DATA TO PROCESS ::
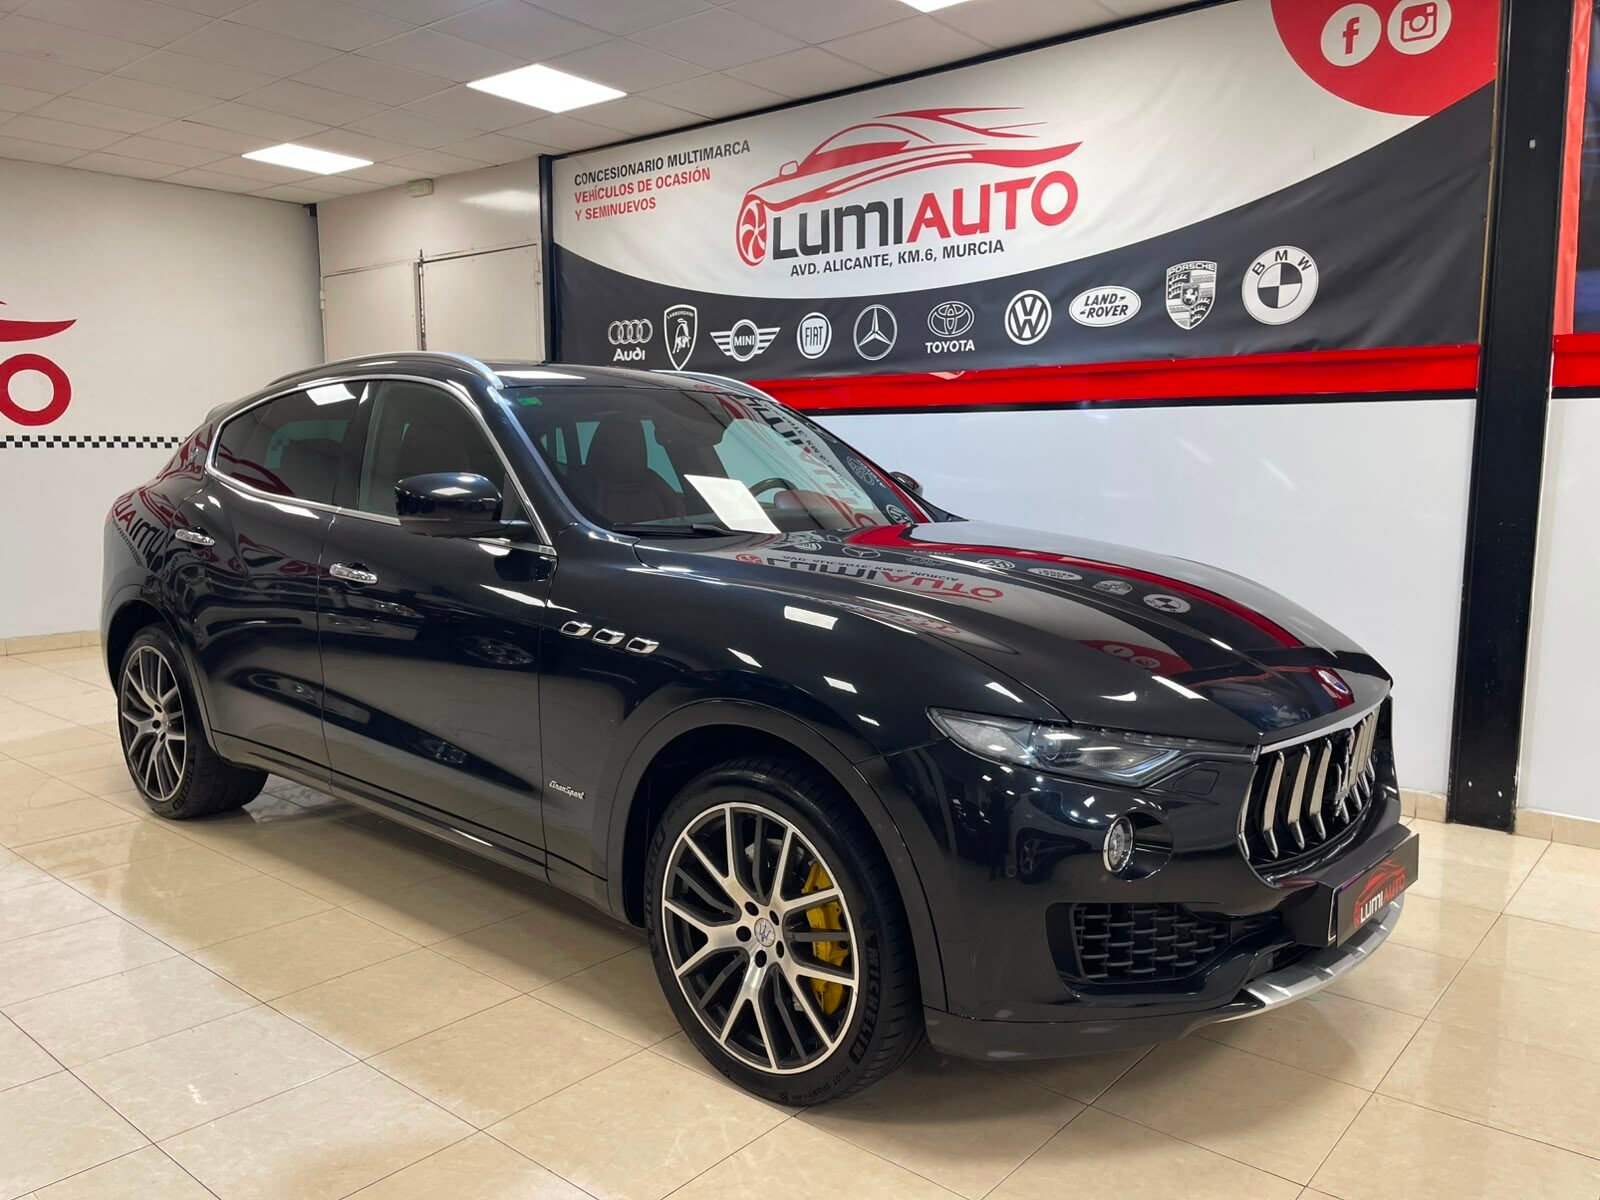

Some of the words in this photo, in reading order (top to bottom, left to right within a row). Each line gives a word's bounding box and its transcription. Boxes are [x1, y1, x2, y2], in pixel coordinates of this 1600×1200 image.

[574, 157, 664, 187] CONCESIONARIO
[667, 139, 751, 169] MULTIMARCA
[574, 182, 634, 204] VEHÍCULOS
[637, 178, 653, 193] DE
[655, 166, 711, 190] OCASIÓN
[574, 209, 583, 222] Y
[585, 196, 657, 221] SEMINUEVOS
[790, 262, 820, 278] AVD.
[823, 253, 893, 274] ALICANTE,
[898, 249, 938, 265] KM.6,
[942, 239, 1005, 260] MURCIA
[1168, 262, 1216, 277] PORSCHE
[1251, 249, 1313, 277] BMW
[733, 334, 755, 347] MINI
[804, 325, 824, 347] FIAT
[925, 339, 976, 354] TOYOTA
[612, 346, 646, 362] Audi

WHAT TO PRODUCE ::
Copy the records shown above in their entirety and exactly; images are to be left out.

ANSWER BOX ::
Some of the words in this photo, in reading order (top to bottom, left to right within a row). Each line gives a word's bounding box and its transcription. Boxes are [x1, y1, x2, y2], in pixel coordinates of this 1600×1200 image.

[574, 157, 664, 187] CONCESIONARIO
[667, 139, 751, 169] MULTIMARCA
[574, 182, 634, 204] VEHÍCULOS
[637, 178, 653, 193] DE
[655, 166, 711, 190] OCASIÓN
[574, 209, 583, 222] Y
[585, 196, 657, 221] SEMINUEVOS
[790, 262, 820, 278] AVD.
[823, 253, 893, 274] ALICANTE,
[898, 249, 938, 265] KM.6,
[942, 239, 1005, 260] MURCIA
[1168, 262, 1216, 277] PORSCHE
[1251, 249, 1313, 277] BMW
[733, 334, 755, 347] MINI
[804, 325, 824, 347] FIAT
[925, 339, 976, 354] TOYOTA
[612, 346, 646, 362] Audi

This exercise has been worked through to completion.